Employers are not required to provide the two hour training session for supervisory personnel who have received training after October 1, 1991 that "substantially complies" with the content of the training just described, that was provided in "a classroom setting," and that lasted at least two hours.

The Commission "encourages" employers with fifty (50) or more employees to provide an update of legal interpretation and related developments concerning sexual harassment to supervisory personnel once every three (3) years.

Although there are no penalties associated with failure to provide sexual harassment training under the Act or the Commission's regulations, the Commission will have the authority to order employers to comply with the requirements.

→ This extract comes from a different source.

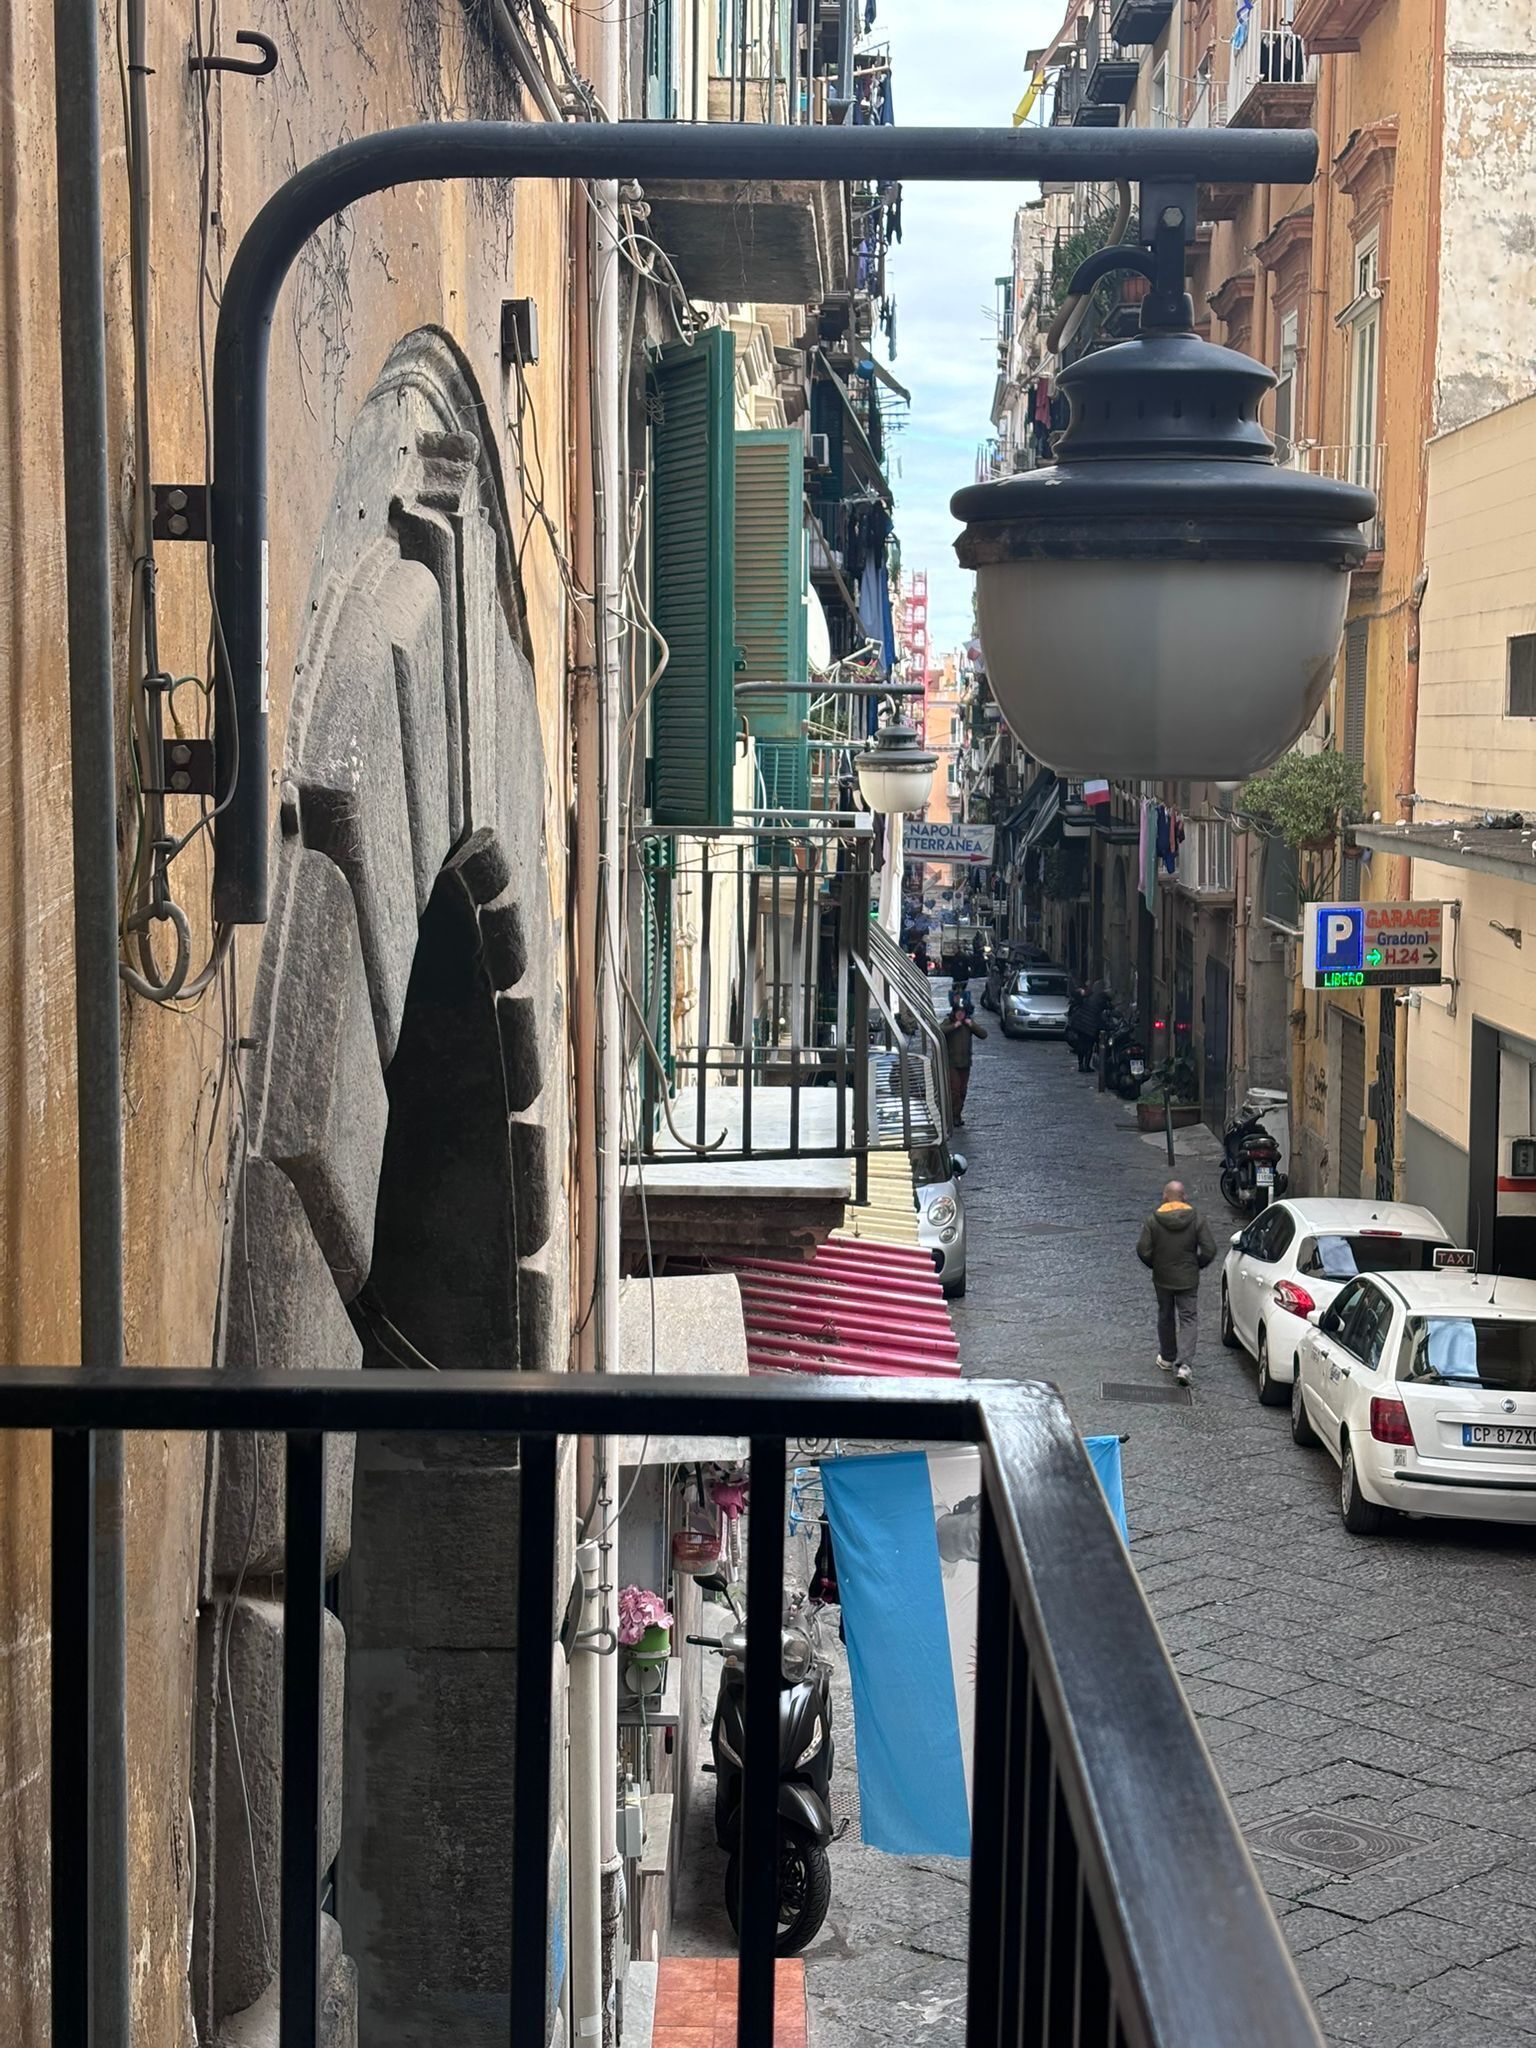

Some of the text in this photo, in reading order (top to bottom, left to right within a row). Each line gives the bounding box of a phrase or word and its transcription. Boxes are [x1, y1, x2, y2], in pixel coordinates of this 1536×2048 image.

More importantly, failure to comply with the Act could expose employers to potentially greater liability with respect to sexual harassment charges. By contrast, compliance with the Act will support a stronger defense in the face of such charges.

Employers who are required to provide training under the Act are also encouraged to maintain records concerning all training provided. The records should include at least the following:

· Documents showing the content of all training given, such as the curriculum;

· The names, addresses, and qualifications of the personnel conducting the training;

· The names and titles of the personnel trained and the date(s) that each individual was trained.

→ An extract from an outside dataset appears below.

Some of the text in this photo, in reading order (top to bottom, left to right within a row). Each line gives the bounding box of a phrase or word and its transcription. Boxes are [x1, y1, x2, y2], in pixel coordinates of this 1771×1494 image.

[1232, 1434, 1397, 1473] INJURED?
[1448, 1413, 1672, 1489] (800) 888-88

The Commission suggests that all such records be maintained for a minimum of one year, or if a discriminatory practice complaint is filed involving personnel who participated in the training, until such time as the complaint is finally resolved.

The Act requires employers with three or more employees to post notices in "prominent and accessible locations" concerning the illegality of sexual harassment and the remedies available to victims of sexual harassment. The regulations provide a lengthy list of information that must be included in the notices.322

If an employer's liability hinges on the behavior of its supervisory personnel, it stands to reason that no one should be made a supervisor in the first place if there is any record or other indication of a propensity to engage in unacceptable workplace behavior. Thorough pre-hire screening, reference-checking and on-the-job performance evaluations are essential before any individual is hired or promoted.

Once appropriate supervisors are hired and properly trained, employers should motivate these supervisors to take actual or potential misconduct situations seriously and to handle them well. Employers should strongly consider formally evaluating supervisors on their compliance with all human resource policies, including those dealing with misconduct. Indeed, many employers find the best way to motivate supervisors (and demonstrate a strong commitment to providing a safe workplace) is to include this category in the annual review process, which in turn is tied to merit increases.

An employer may want to consider adopting a non-fraternization policy that prohibits supervisor-subordinate romantic relationships. That kind of policy can give employers the ability to separate a romantically involved supervisor and subordinate before the relationship deteriorates and a sexual harassment or favoritism claim is made. A non-fraternization policy must be accurately drafted and implemented, however, to avoid potentially problematic concerns about invasion of privacy and marital-status discrimination.

A consistent comprehensive grievance procedure, for harassment and any other grievance, is indispensable for any employer. It should include provisions for intake and documentation of complaints, confidentiality, response, inquiry and investigation, and follow-up procedures. The grievance procedure should be clear, disseminated to all employees, and put into effect promptly and consistently. A model grievance procedure is contained in Appendix X.

Employers must be alert to any potential "warning signals" that something is amiss in the workplace. Once alerted, prompt and effective action is essential. An employer failing to respond effectively to reported misconduct, or perceived misconduct, could face substantial liability, particularly in the sexual harassment area.

Conducting a prompt investigation of a complaint is more likely to result in a swift resolution of the dispute. Prompt investigations demonstrate the responding party's commitment to determining the truth and protecting its employees. Once a complaint is received, investigators should move quickly, usually within 24 hours to meet with the complainant.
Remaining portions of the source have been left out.